Task description:
Skip every image and restate the data word for word.

Provided records:
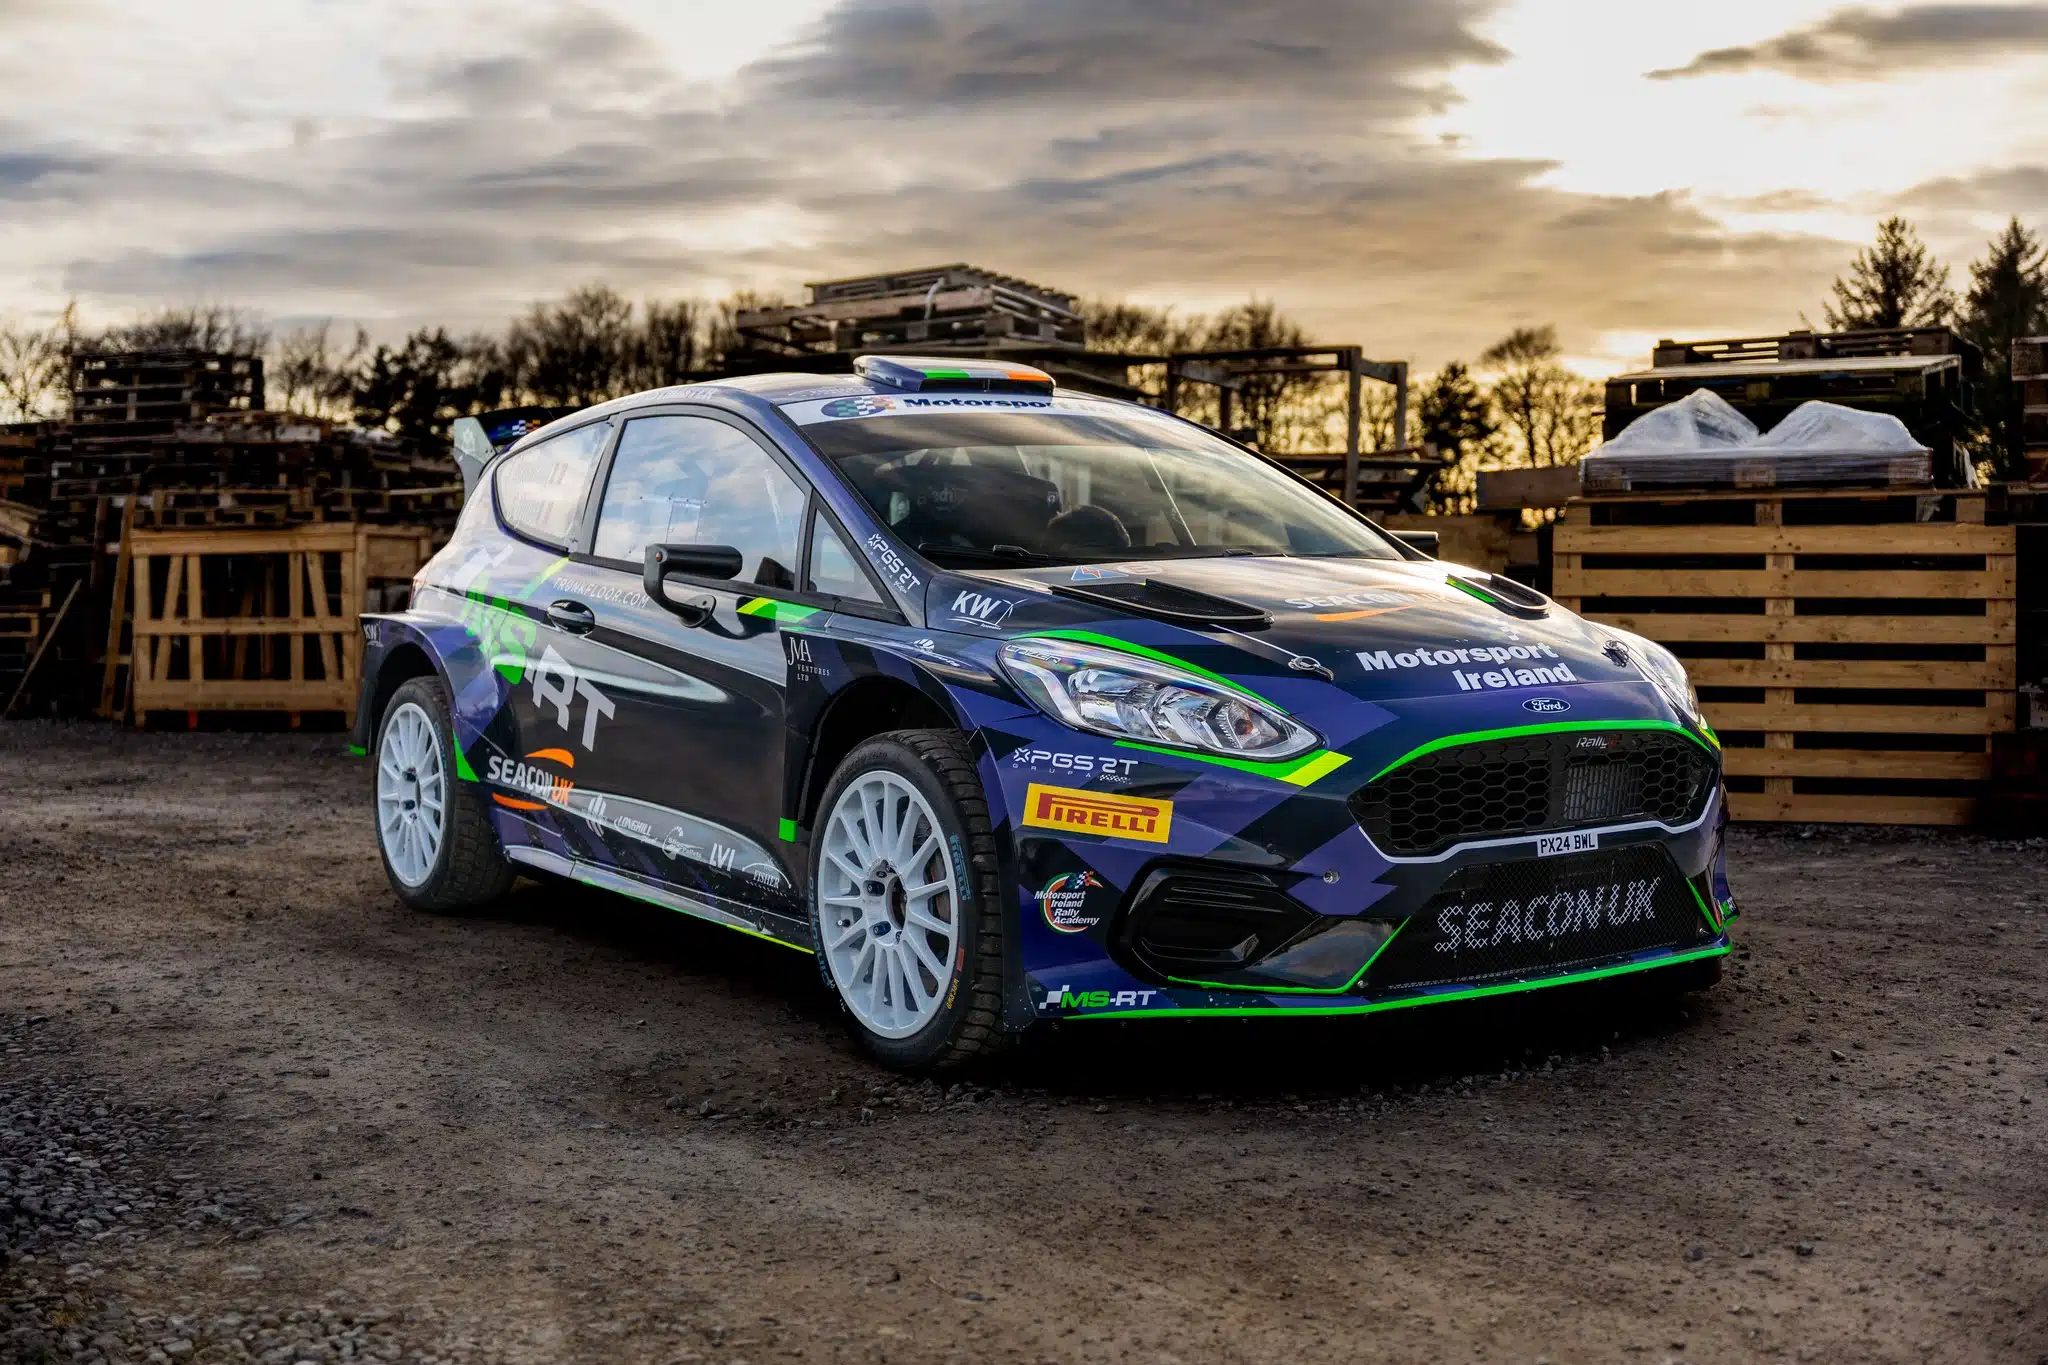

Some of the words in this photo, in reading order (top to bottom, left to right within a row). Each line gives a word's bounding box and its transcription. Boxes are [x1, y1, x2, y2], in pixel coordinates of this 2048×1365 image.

[553, 578, 650, 608] TRUNKFLOOR.COM
[951, 590, 1001, 619] KW
[1355, 642, 1559, 671] Motorsport
[797, 664, 830, 676] VENTURES
[797, 673, 810, 682] LTD
[1452, 662, 1577, 691] Ireland
[1531, 699, 1565, 711] Ford
[1036, 793, 1160, 833] PIRELLI
[618, 816, 653, 837] LONGHILL
[1540, 836, 1571, 854] PX24
[1574, 833, 1596, 850] BWL
[709, 843, 736, 872] LVI
[753, 869, 780, 889] FISHER
[1034, 890, 1086, 901] Motorsport
[1050, 900, 1084, 908] Ireland
[1053, 916, 1100, 926] Academy
[1054, 908, 1080, 918] Rally
[1061, 991, 1157, 1009] MS-RT

Solution for this task:
Some of the words in this photo, in reading order (top to bottom, left to right within a row). Each line gives a word's bounding box and its transcription. Boxes are [x1, y1, x2, y2], in pixel coordinates of this 2048×1365 image.

[553, 578, 650, 608] TRUNKFLOOR.COM
[951, 590, 1001, 619] KW
[1355, 642, 1559, 671] Motorsport
[797, 664, 830, 676] VENTURES
[797, 673, 810, 682] LTD
[1452, 662, 1577, 691] Ireland
[1531, 699, 1565, 711] Ford
[1036, 793, 1160, 833] PIRELLI
[618, 816, 653, 837] LONGHILL
[1540, 836, 1571, 854] PX24
[1574, 833, 1596, 850] BWL
[709, 843, 736, 872] LVI
[753, 869, 780, 889] FISHER
[1034, 890, 1086, 901] Motorsport
[1050, 900, 1084, 908] Ireland
[1053, 916, 1100, 926] Academy
[1054, 908, 1080, 918] Rally
[1061, 991, 1157, 1009] MS-RT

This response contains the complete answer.